The money needs to go to wireline & wireless ISP's who are truly extending networks to get proper/real high speed access to underserved areas.
vag16v

join:2001-07-27
hereandthere

1 edit

Re: poor Satellite ISP's

I need to edit/add to my post after reading what Deficit_Hawk posted right at the top.
The lower orbit stuff coming online now will really help with this whole latency thing. No doubt there, so maybe there is some merit to satellite getting better.

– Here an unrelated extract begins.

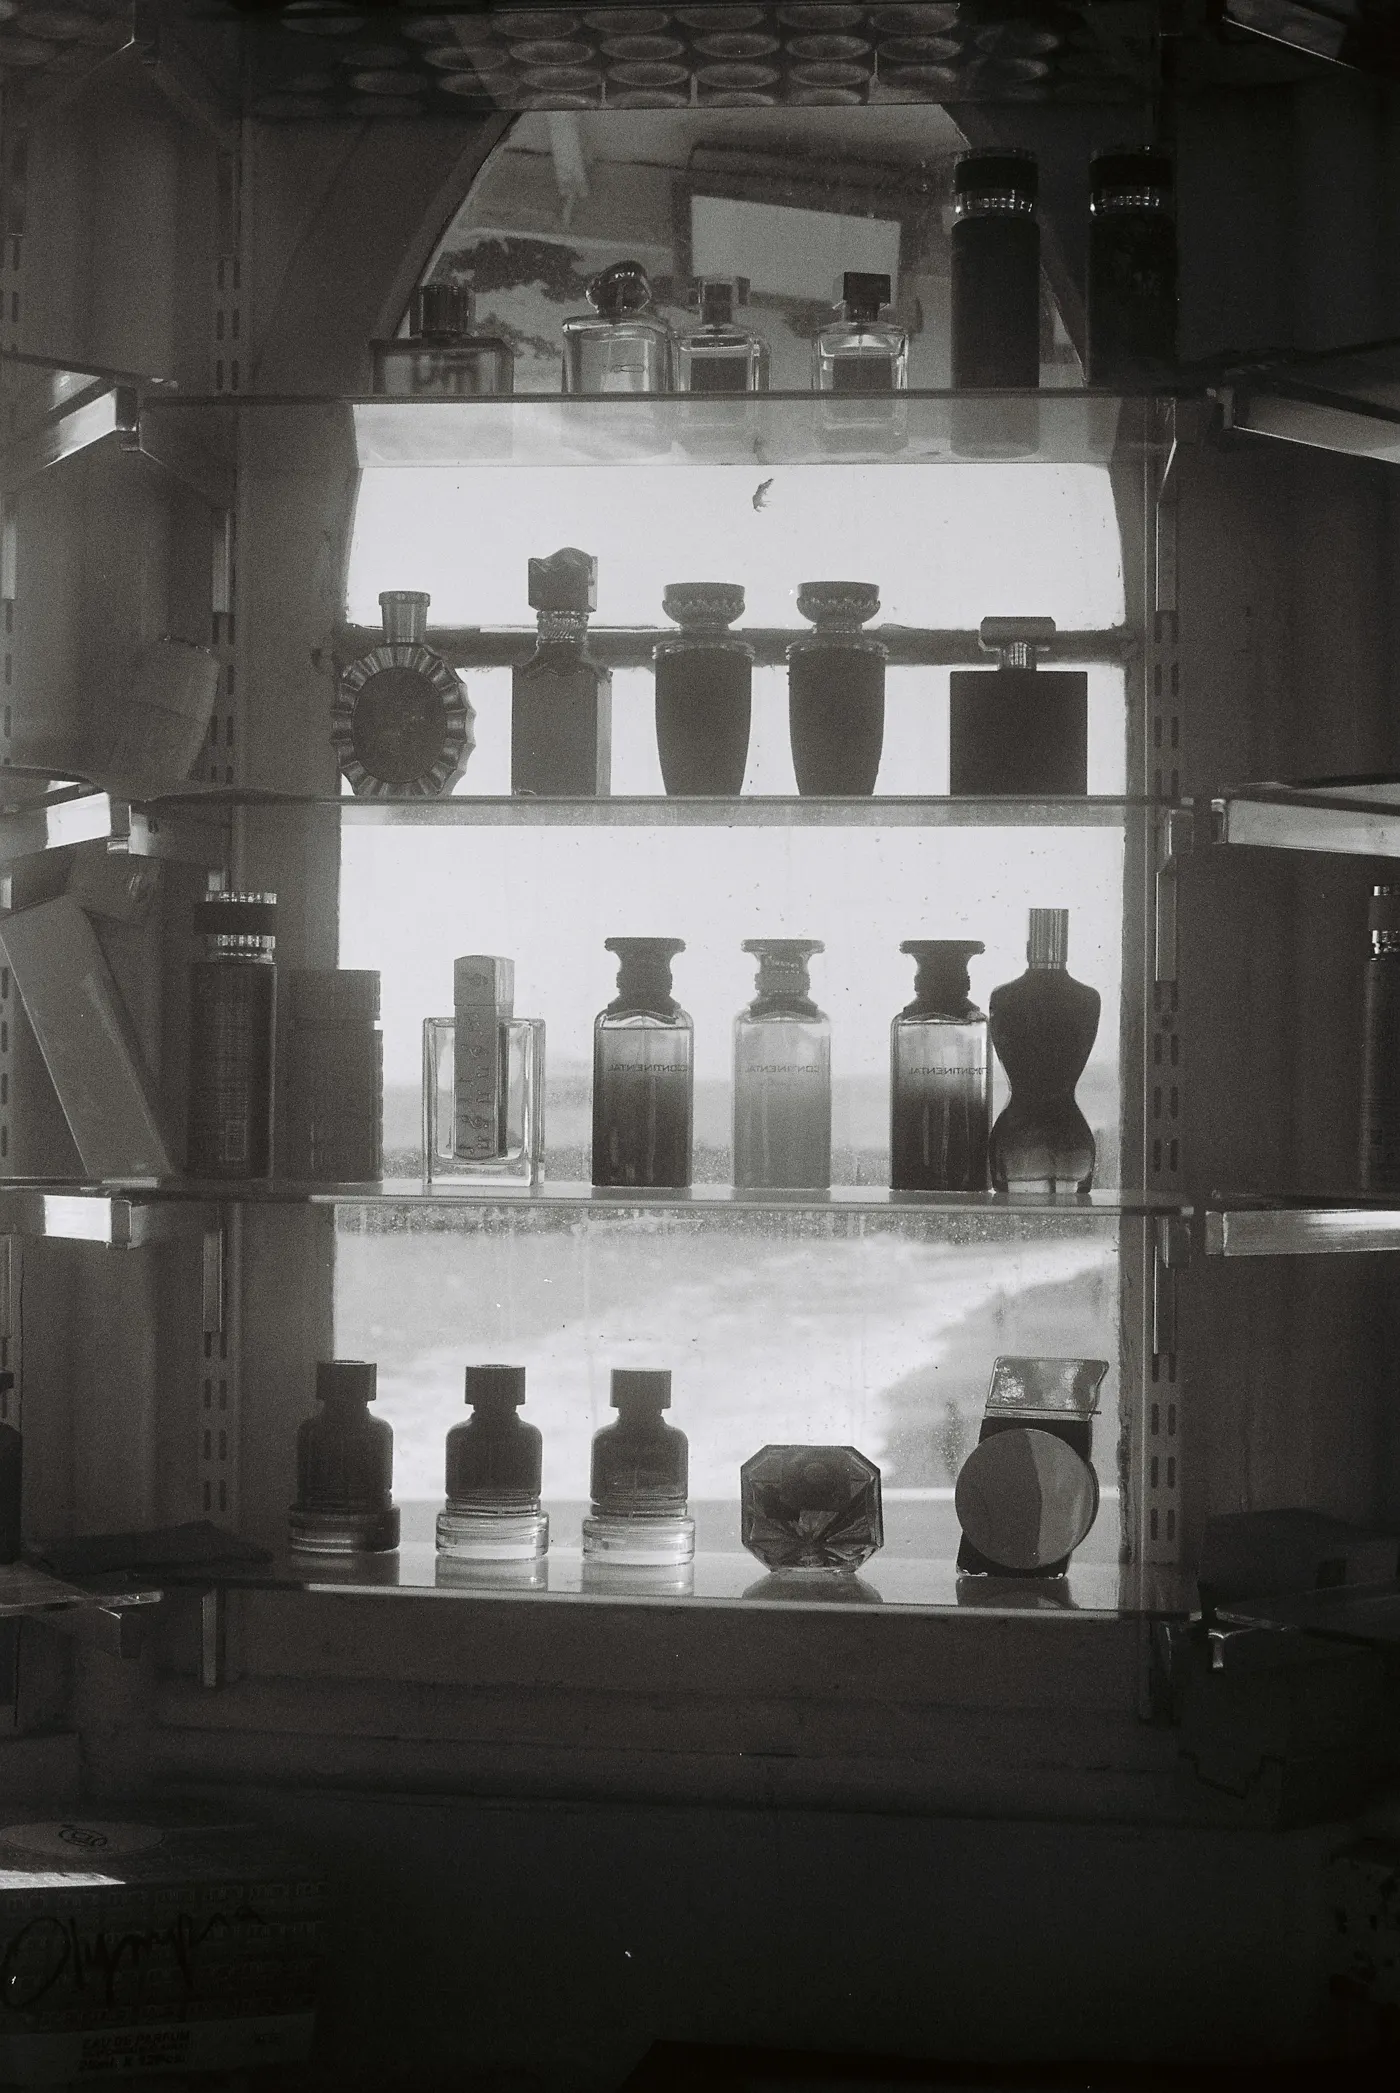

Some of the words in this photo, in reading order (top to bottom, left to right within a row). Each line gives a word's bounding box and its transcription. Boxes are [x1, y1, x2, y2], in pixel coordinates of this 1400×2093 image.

[83, 2038, 110, 2049] EAU
[114, 2036, 132, 2047] DE
[135, 2031, 190, 2046] PARFUM
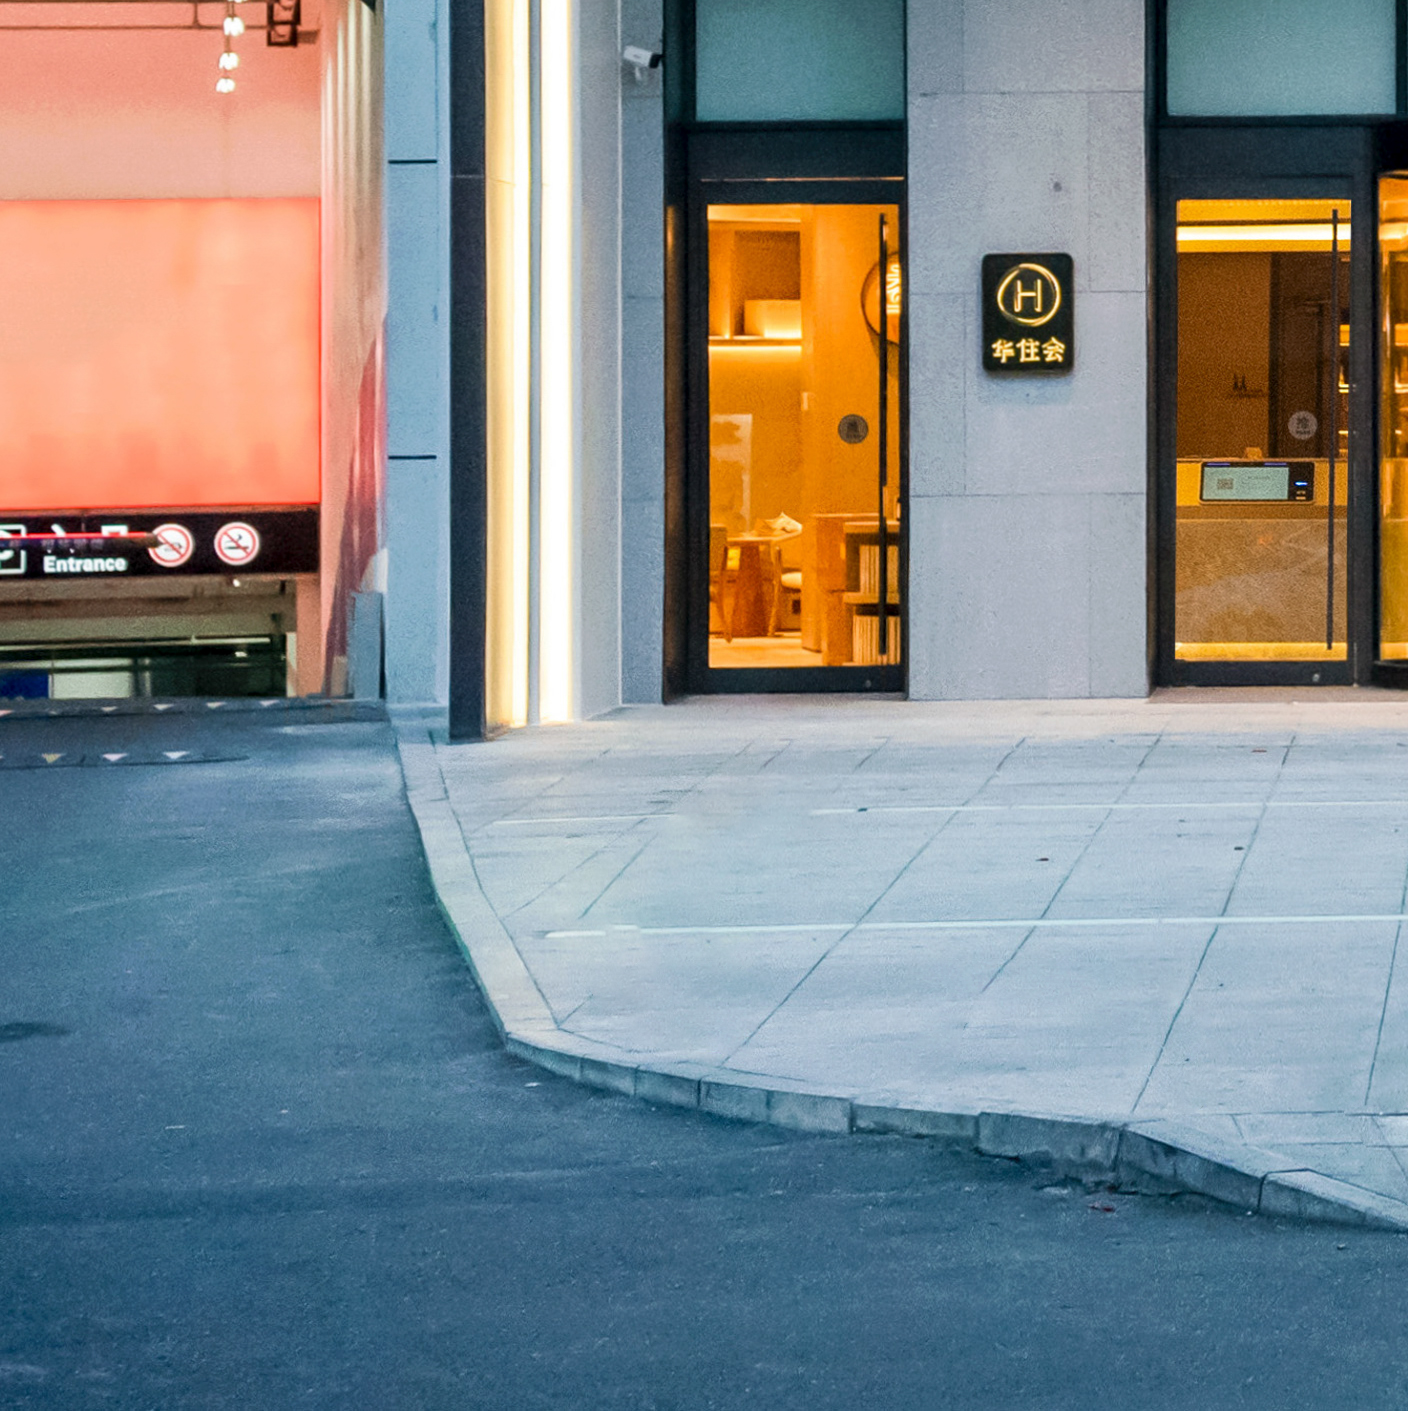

I would just be afraid the same thing could start happening as over here in Canada. Bell gets a bunch of money to extend their network into unserved/underserved areas, and what do they do? They use it to build HSPA cell sites and turn around and say that they've filled those gaps by now providing high speed HSPA data. HSPA mobile data is nowhere near at the point where is can be used for day to day internet as we do with traditional high speed. Shame on them for taking care of themselves first and selling us a bunch of crap with our own money.
Now they've built themselves a new cash cow on our backs and we're supposed to be happy about it.

michieru
Premium
join:2009-07-25
Miami, FL
Reviews:
·Comcast Business..
·AT&T U-Verse
·Clearwire Wireless
·AT&T Southeast

....

A small fix to the debt crisis will be to slash the USF, they can pay for deployment with their profits from increased costs. Stop asking for damn government handouts, I think all of us pay more than enough for these services that does not justify begging from companies such as AT&T and Verizon.
PDXPLT

join:2003-12-04
Banks, OR

Re: ....

USF has many faults, but it is not a "government handout". The funds all come from the telecommunications industry itself, which is then redistributed to carriers supplying local telephone service to so-called "high cost" areas. Eliminate USF payouts and those contributions from the industry also go away; this would have no effect on the deficit.
ShellMMG

join:2009-04-16
Grass Lake, MI

Re: ....

USF funds come from the CUSTOMERS, who are billed by the telecom on behalf of the government for redistribution after taking their administrative cut.

michieru
Premium
join:2009-07-25
Miami, FL
If it will have no effect on the deficit at least it will remove another useless tax on customers bills.